There was another reason, besides the opportunity to test my Constitutional liberties and defy a teacher, that I liked saying the Pledge: It was something I did with my classmates. It was a ritual that all of us—the class was about a third white, a third black, and a third Puerto Rican, and overwhelmingly poor—performed every day. It was a common text, the one poem, if you will, that we all had memorized. It did not function as ideology. I now think that it rarely does.

In fact, I think of the Pledge of Allegiance mainly as part of two of the great pageants of American life: free, public schooling and spectator sports. Two institutions that tend to bring people together, across lines that otherwise divide them. Two institutions that make our country a bit more of a community. “The Star-Spangled Banner” is like that too, and the fact that millions of us are a bit sketchy on the words yet it never seems to matter proves the point that the words should not, indeed cannot, be taken literally.

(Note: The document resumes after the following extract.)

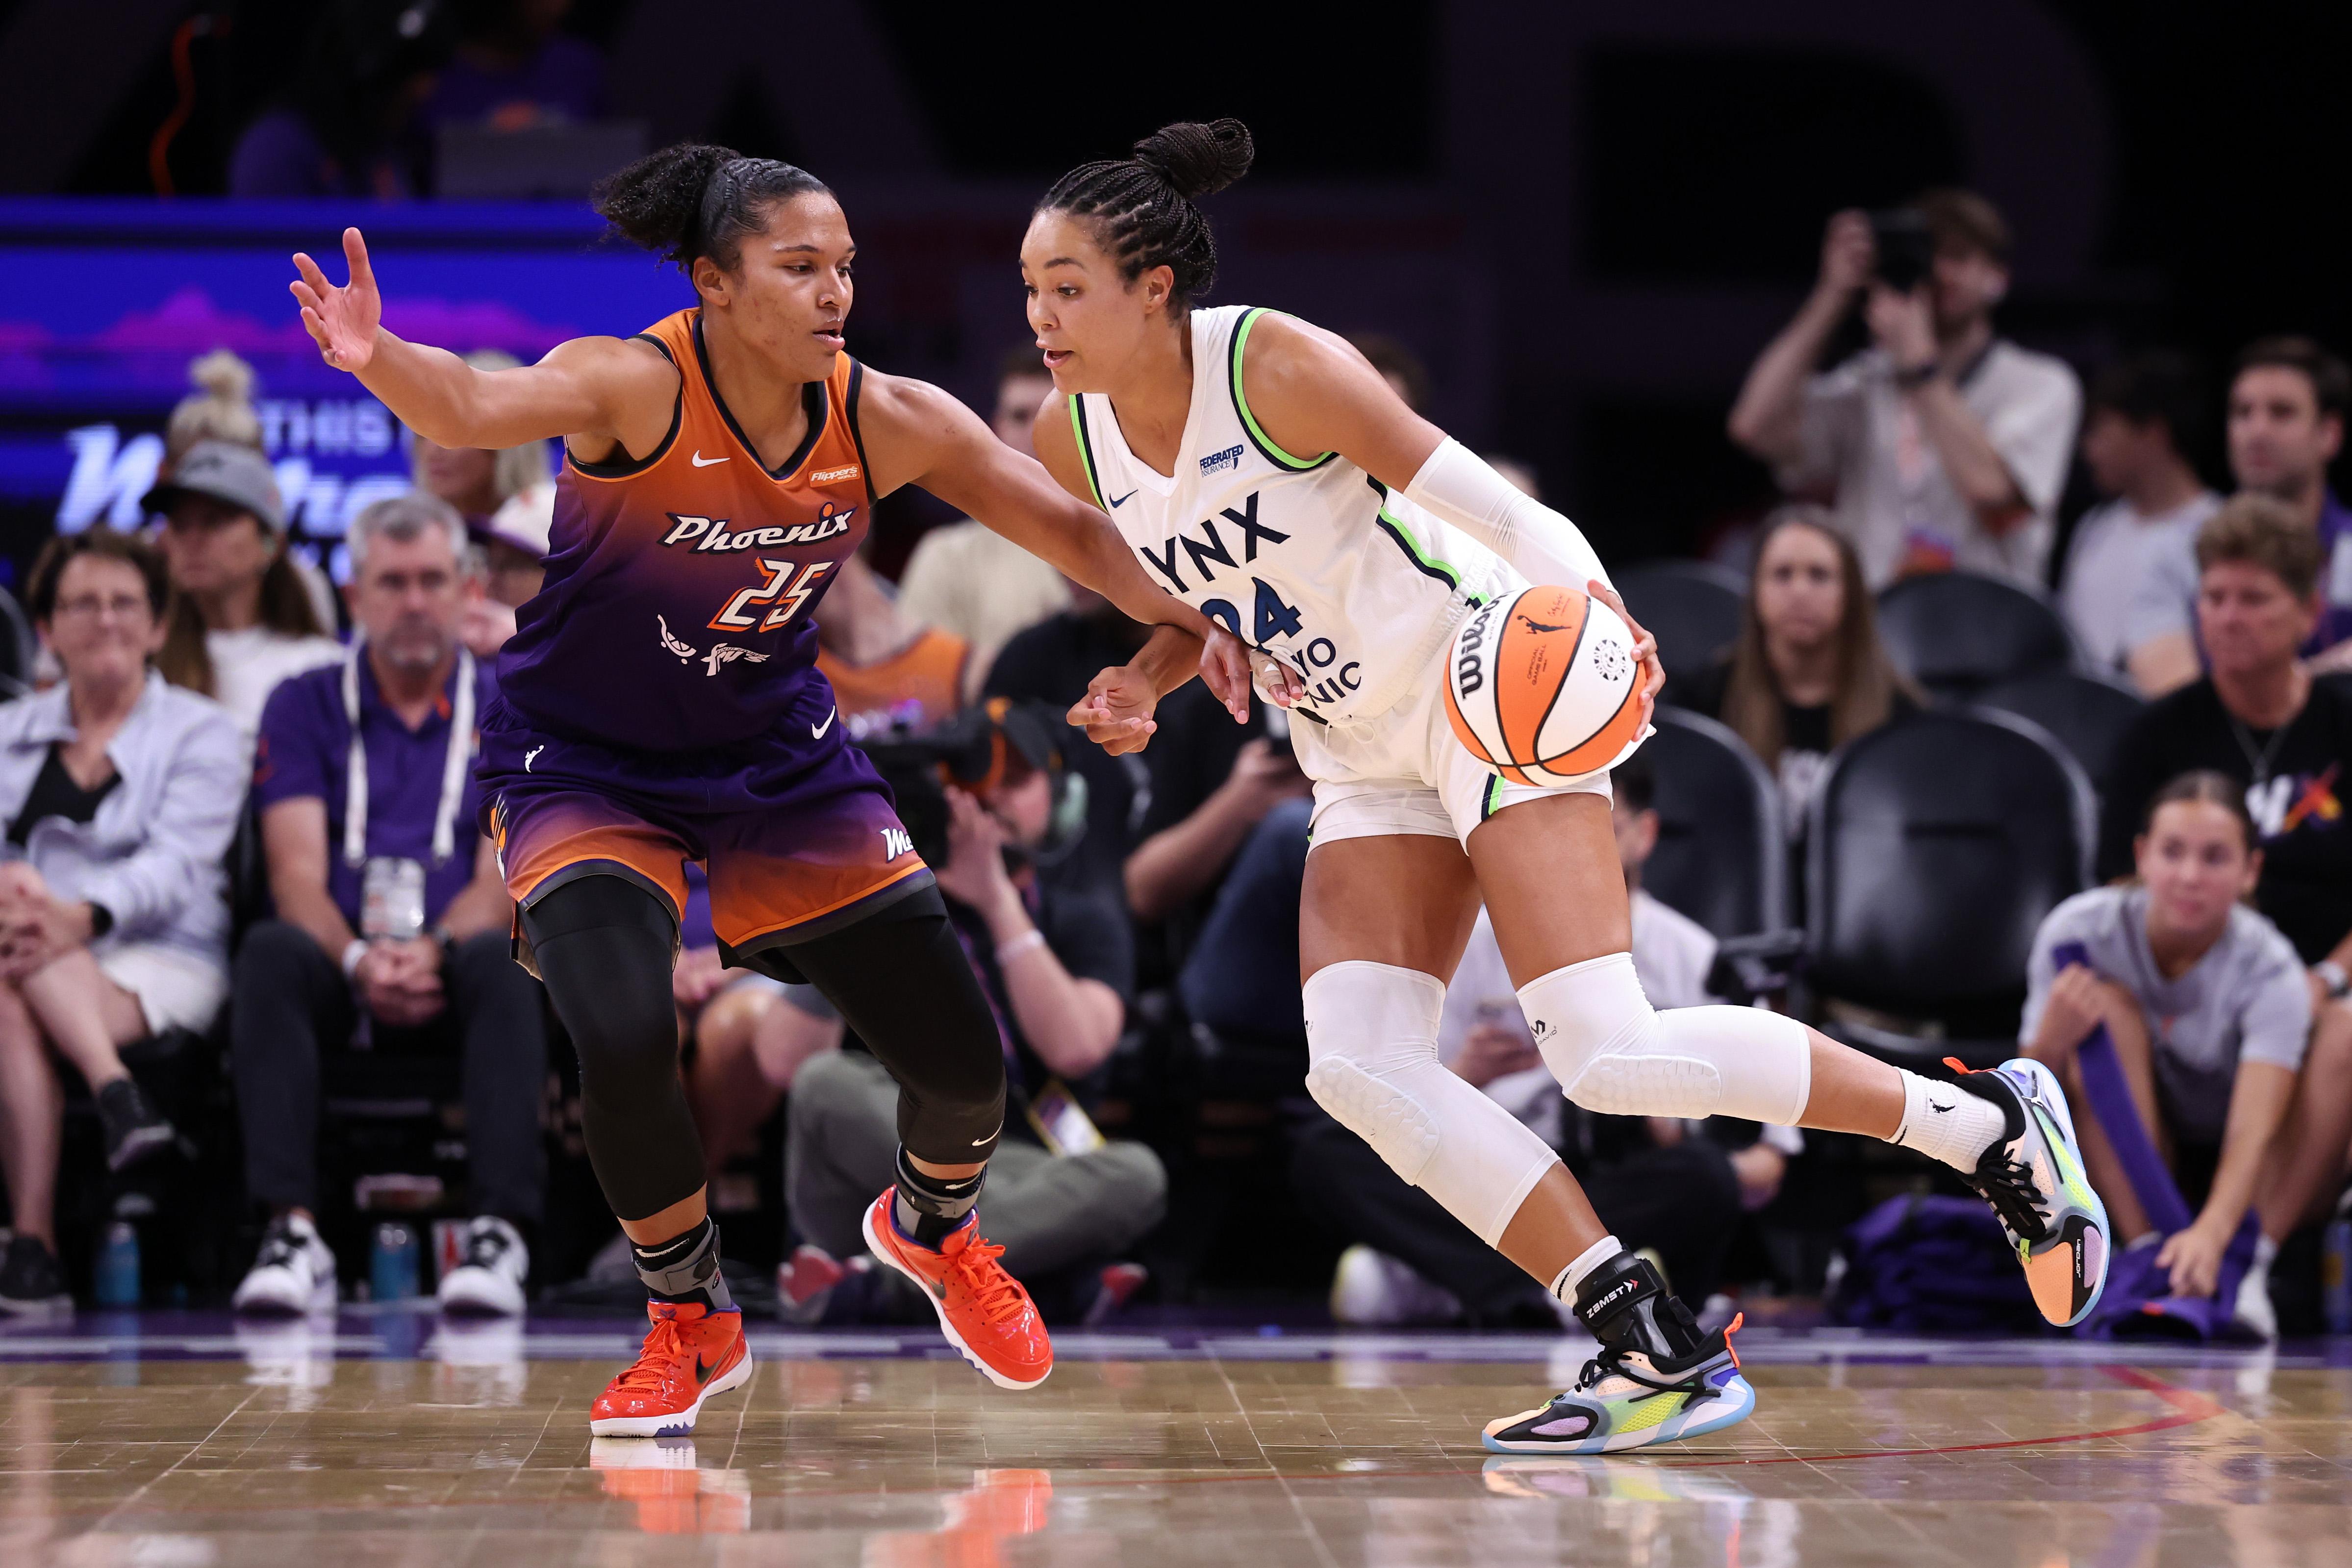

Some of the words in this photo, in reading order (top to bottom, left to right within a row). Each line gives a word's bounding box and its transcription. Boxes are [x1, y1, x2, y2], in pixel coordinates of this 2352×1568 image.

That doesn’t mean we shouldn’t be stirred to stand and sing that song—or recite that pledge—together.

So “Hatikvah” is OK, I think. Sure, its daily singing at camp is a bit of unthinking, reflexive, casual propagandizing for a country that is, like our own, deeply morally compromised. But context is everything: My daughters are not singing at a rally in Nuremberg, nor at their induction into the Israeli army. They are singing at summer camp, and they don’t even know the words.

At camp, “Hatikvah” is not, or not only, a national anthem. It’s a daily rite. Like games of gaga. Or the Pledge of Allegiance. With puh-liberty and justice for all.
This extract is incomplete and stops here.